Bioengineering crops to yield more vegetable oils
Scientists from NTU Singapore have successfully bioengineered an important protein in plants to increase the yield of oil from their fruits and seeds – a holy grail for the global agri-food industry.
Their patent-pending method can increase oil content in seeds by 15 to 18 per cent, which is a significant improvement since major oil-producing crops such as soybean, sunflower, rapeseed, and peanut, already have a high percentage of oil in their seeds.
This innovation can help the world in its quest for sustainability, helping to reduce the amount of arable land needed for oil-yielding crops while increasing the yield to meet the world’s growing demand for vegetable oil, especially when facing effects of climate change.
Lead scientists Assoc Prof Gao Yonggui and Asst Prof Ma Wei said their method can also aid the agri-food industry in addressing United Nation’s sustainable development goals, since vegetable oil is an essential part of the human diet and used extensively in food processing.
The global market for plant oils is estimated to be worth US$241.4 billion in 2021 and is expected to increase to US$ 324.1 billion by 2027, according to industry estimates.
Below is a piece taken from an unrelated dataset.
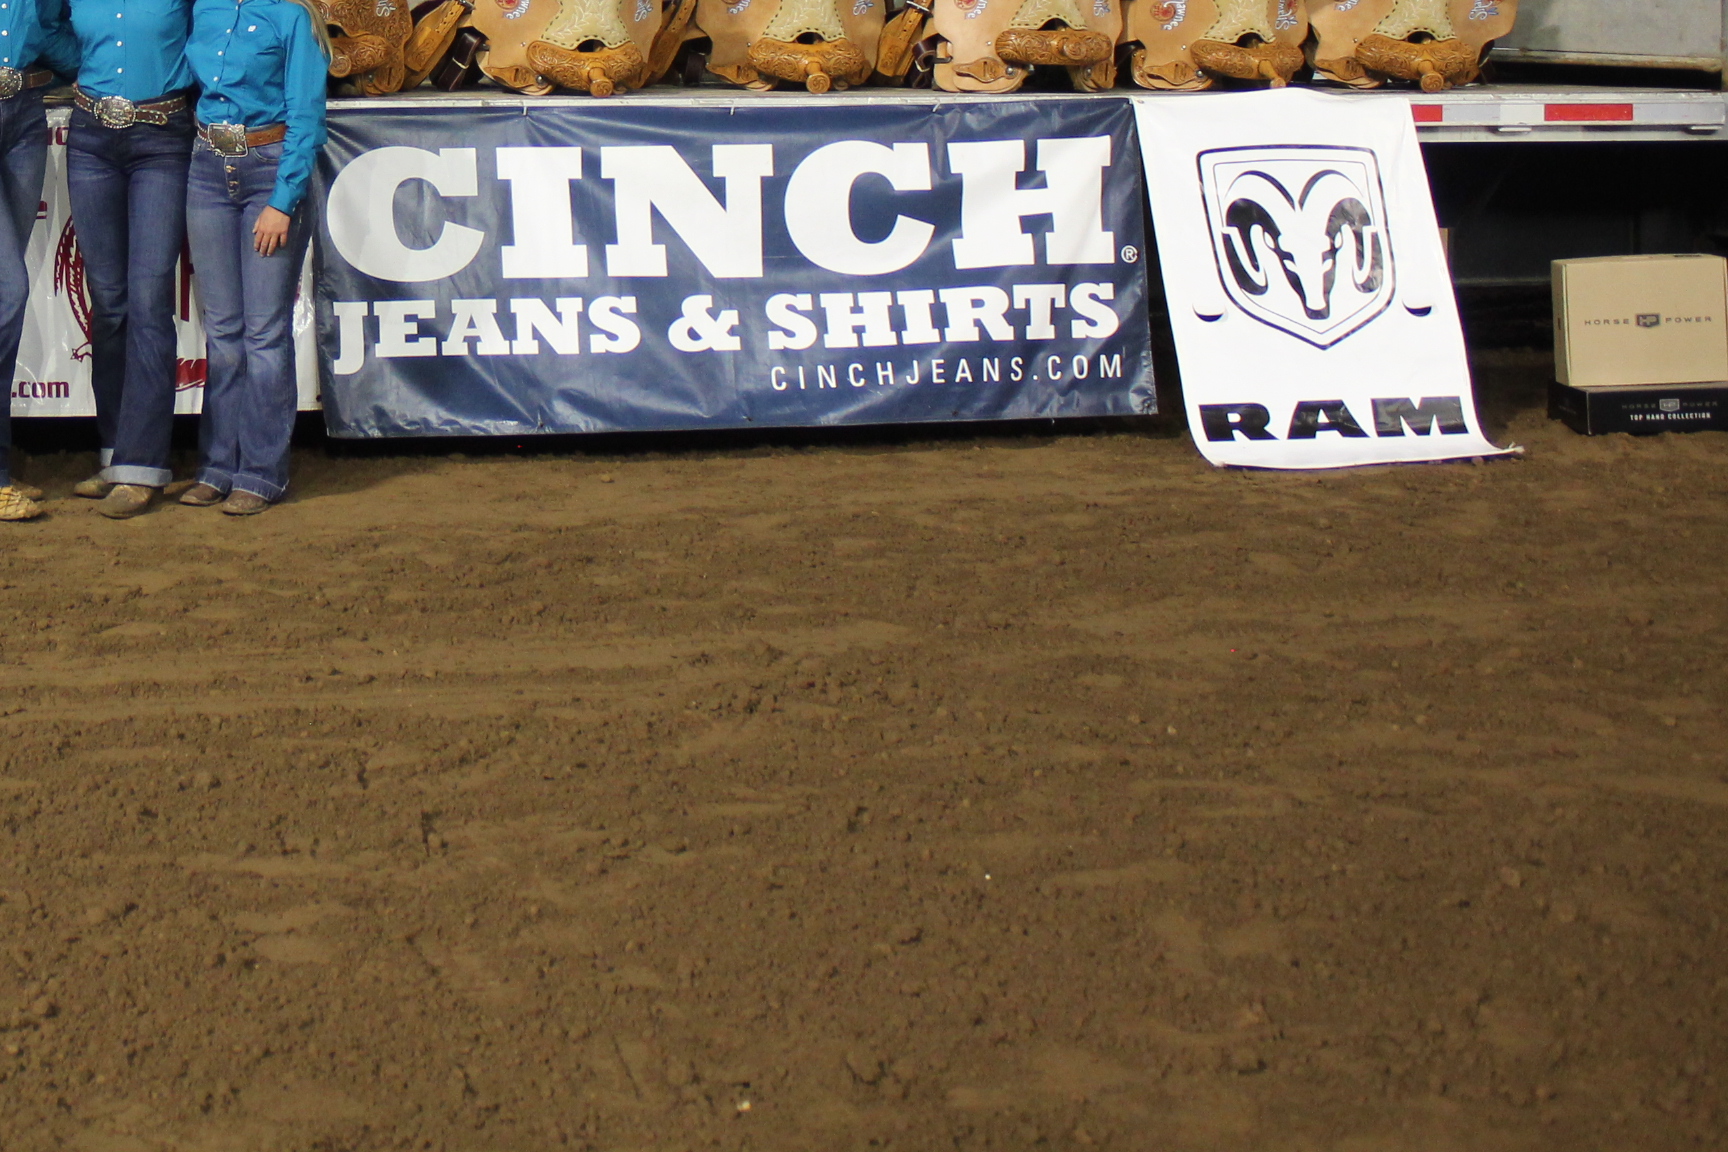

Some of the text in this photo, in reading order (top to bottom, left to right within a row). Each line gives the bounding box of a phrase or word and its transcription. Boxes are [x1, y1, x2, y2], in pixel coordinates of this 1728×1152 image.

The team expects that their method will have economic impact if adopted by industry players.
Food and Agriculture Organization of the United Nations (FAO) Expert Consultant on novel foods, NTU Michael Fam Chair Professor William Chen, gave his independent views, saying that more advanced technologies to grow more food with higher nutrition value such as this, is required to increase food security and tackle world hunger.